For artifacts involving qualitative or proprietary data (e.g., interviews or closed-source components), authors must ensure appropriate anonymization and ethical/legal disclaimers. Artifacts should be well-packaged and self-contained. If the artifact cannot be released in full due to restrictions, a clear explanation should be included in the abstract and documentation.
Review and Author Interaction
Artifact evaluation is a collaborative process. Once the submission period ends, the reviewing period begins, during which the evaluation committee will inspect the artifact, attempt to run or review it, and assess its alignment with the paper’s claims. Reviewers will reach out to authors via the submission platform to resolve installation or usability issues.
Authors must be responsive during this phase, ideally replying to reviewer questions or issues within three working days. Reviewers will make a sincere effort to validate each artifact, and authors are encouraged to support this process. Authors will also be allowed to revise their artifact during this phase only in response to reviewer requests.
Our aim is not to reject artifacts but to bring them up to a reusable and shareable standard. The reviewing process is designed to help authors improve documentation and usability where needed. The final badge decisions will be based on what reviewers are able to verify and experience directly.
Preparing Executable Artifacts
For executable artifacts (e.g., tools, frameworks, simulators), authors must provide an installation or setup package, ideally based on Docker or a virtual machine (e.g., VirtualBox). This ensures reviewers can evaluate the artifact in a consistent environment.

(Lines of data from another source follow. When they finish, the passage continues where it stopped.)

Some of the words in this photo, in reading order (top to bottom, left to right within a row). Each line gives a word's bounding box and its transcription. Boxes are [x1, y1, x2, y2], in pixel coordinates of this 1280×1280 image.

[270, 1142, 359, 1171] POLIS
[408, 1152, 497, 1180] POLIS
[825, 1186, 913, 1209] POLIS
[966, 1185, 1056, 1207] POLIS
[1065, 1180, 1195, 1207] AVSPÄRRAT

We encourage authors to test their artifacts on a clean system to confirm that the installation instructions are correct and complete. If the artifact uses uncommon dependencies or platform-specific code, those details must be clearly explained in the README.

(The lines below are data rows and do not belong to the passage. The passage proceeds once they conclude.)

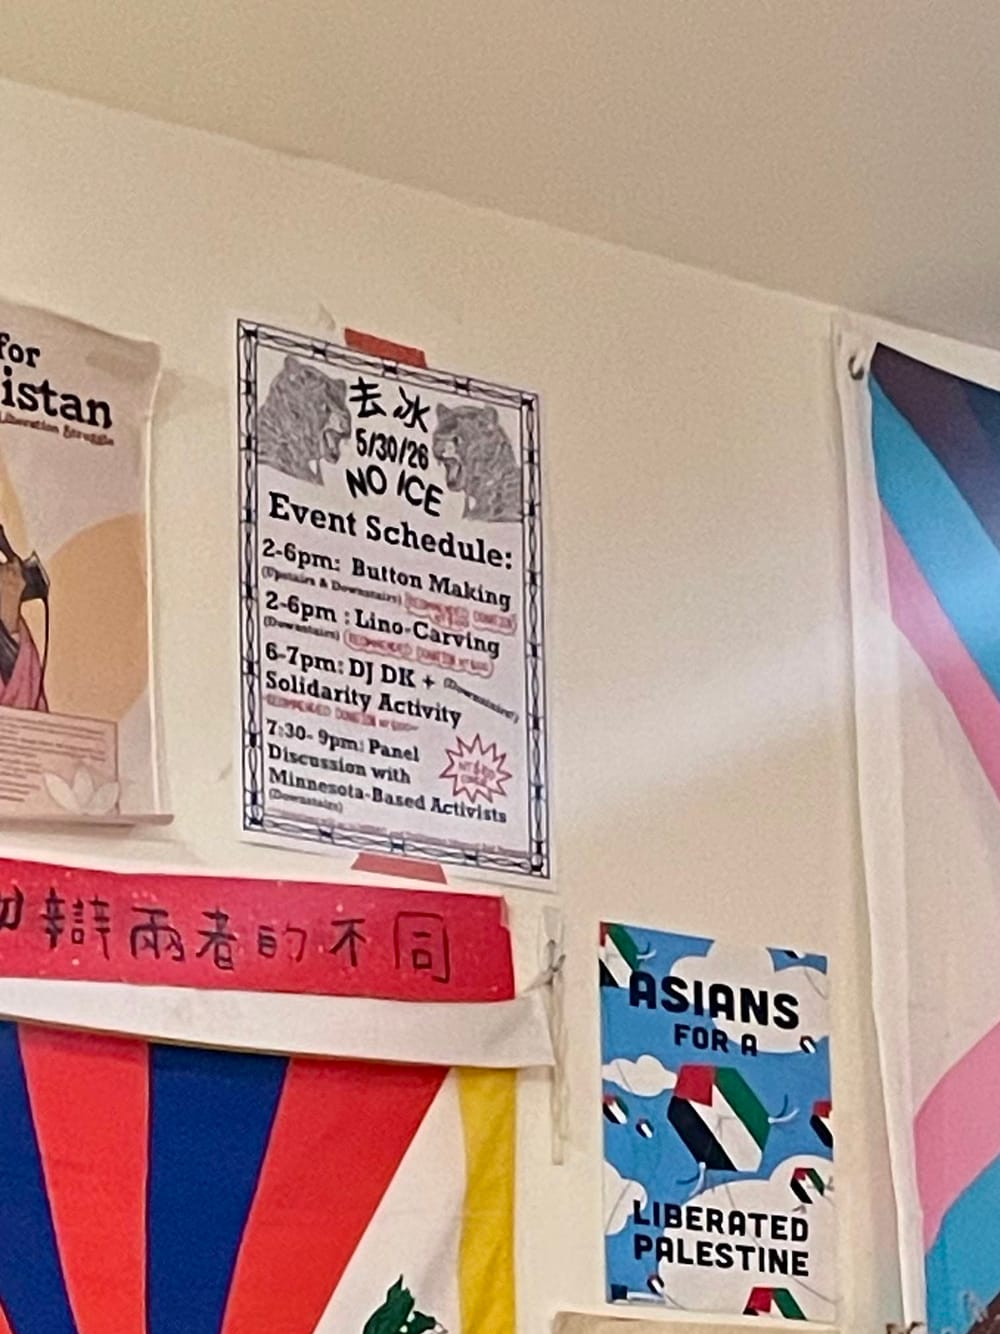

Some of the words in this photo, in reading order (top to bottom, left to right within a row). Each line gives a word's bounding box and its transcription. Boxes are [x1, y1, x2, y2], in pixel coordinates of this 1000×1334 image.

[349, 376, 430, 433] 去冰
[356, 428, 429, 471] 5/30/26
[345, 464, 388, 498] NO
[397, 470, 443, 517] ICE
[268, 491, 357, 537] Event
[366, 515, 512, 570] Schedule:
[262, 538, 341, 573] 2-6pm:
[352, 557, 422, 591] Button
[429, 574, 511, 613] Making
[355, 608, 500, 659] Lino-Carving
[265, 642, 344, 675] 6-7pm:
[349, 658, 375, 685] DJ
[381, 664, 416, 688] DK
[266, 671, 371, 713] Solidarity
[378, 693, 462, 729] Activity
[267, 742, 366, 777] Discussion
[371, 765, 411, 785] with
[369, 738, 419, 763] Panel
[268, 766, 426, 811] Minnesota-Based
[430, 796, 508, 823] Activists
[629, 970, 799, 1030] ASIANS
[674, 1023, 728, 1053] FOR
[741, 1033, 758, 1057] A
[633, 1199, 809, 1243] LIBERATED
[633, 1234, 810, 1278] PALESTINE

Artifacts that require significant computation time (e.g., training models) should provide reduced or sample configurations that allow reviewers to run scaled-down versions of the experiments.
Preparing Non-Executable Artifacts
Non-executable artifacts (e.g., datasets, survey scripts, architectural documents) must be provided in standard formats such as PDF, CSV, plain text, or markdown. These can be packaged as a compressed file (e.g., ZIP or TAR). Documentation must describe the artifact’s structure, its relationship to the research paper, and instructions for how others might use it or repurpose it.

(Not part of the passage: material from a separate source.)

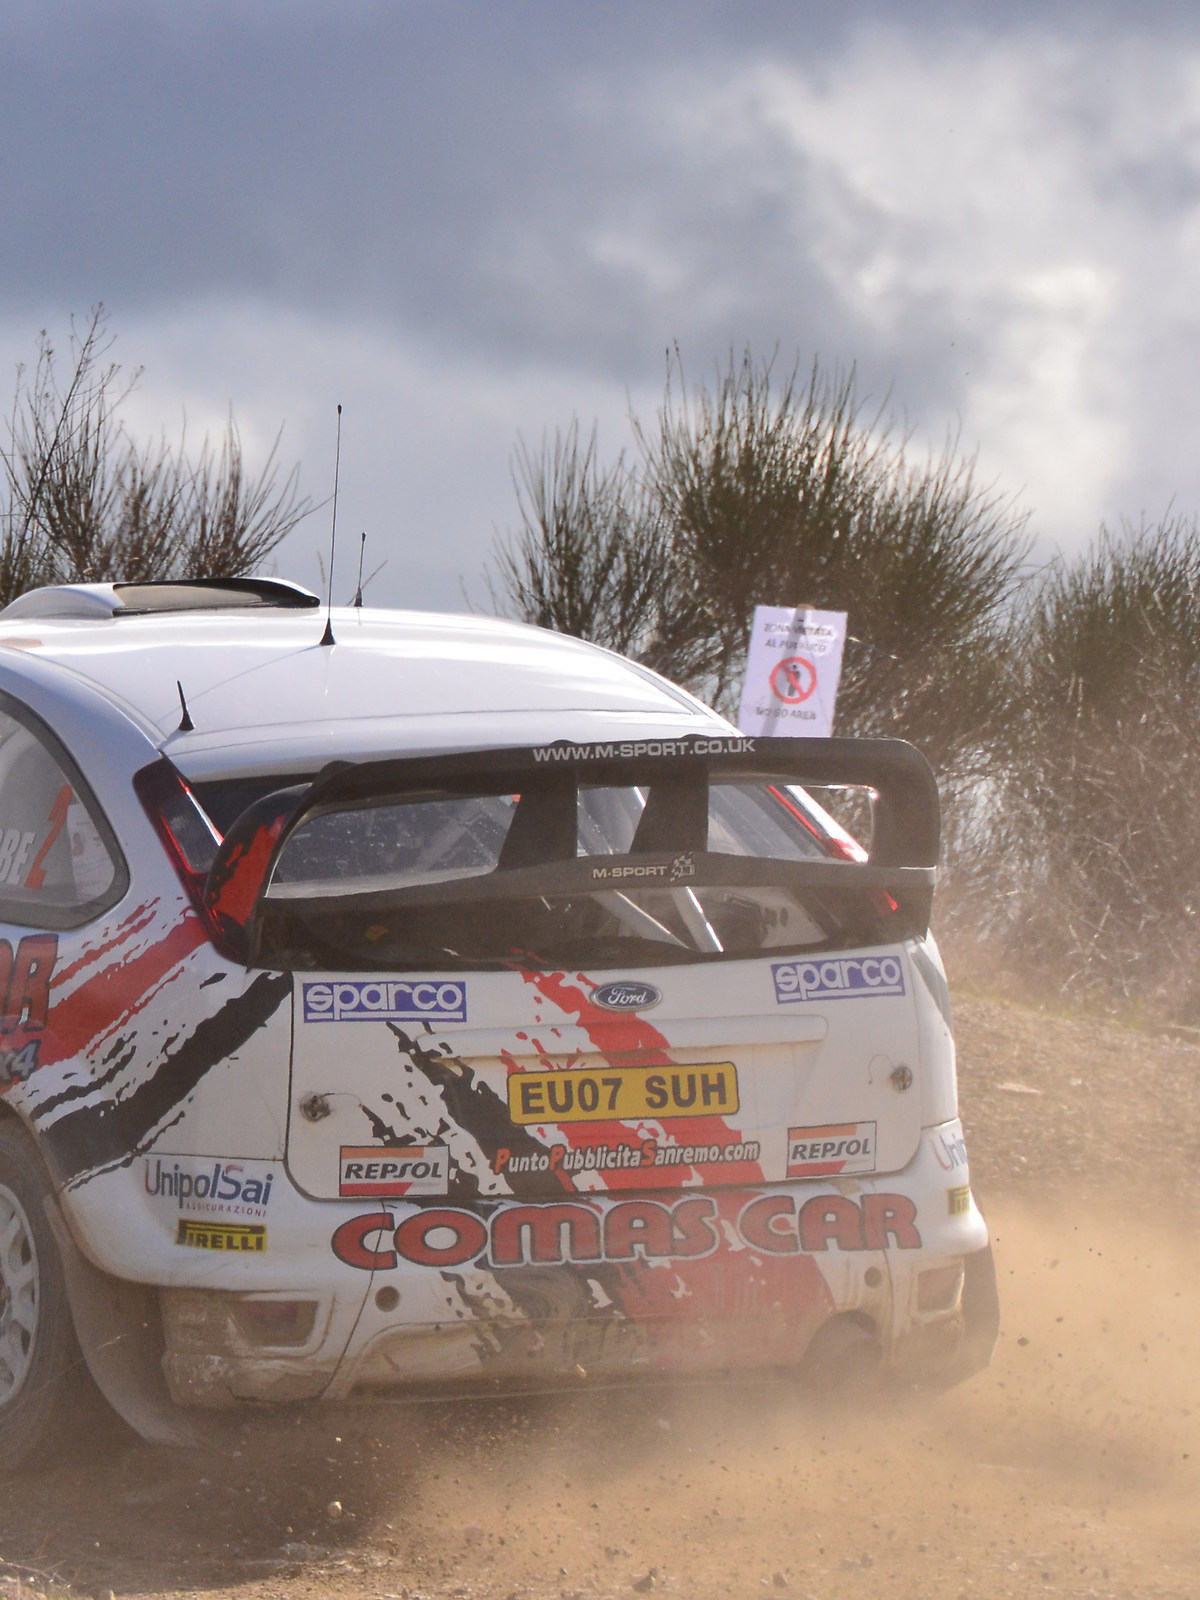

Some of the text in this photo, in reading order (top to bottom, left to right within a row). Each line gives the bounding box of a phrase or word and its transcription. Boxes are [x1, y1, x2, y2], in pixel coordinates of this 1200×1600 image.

In all cases, the README should serve as the entry point for understanding and using the artifact. We strongly discourage scattering documentation across multiple files. Instead, consolidate it into a single, clear README file.
Licensing and Distribution
All submitted artifacts must include a clear license file. For artifacts applying for the Publicly Shared badge, the license must ensure public availability. We encourage authors to use open-source licenses for software (e.g., MIT, Apache 2.0) and open data licenses (e.g., CC BY 4.0) for datasets. If the license is restrictive for legal reasons, this must be explained.
What Qualifies as a Research Artifact?
In the context of ECSA 2026, a research artifact refers to any digital product that complements a paper’s scientific contribution by enabling other researchers to understand, inspect, verify, replicate, or extend the results. Artifacts are not limited to software. They encompass any product of research activity that captures the methodology, data, or process behind a paper’s findings.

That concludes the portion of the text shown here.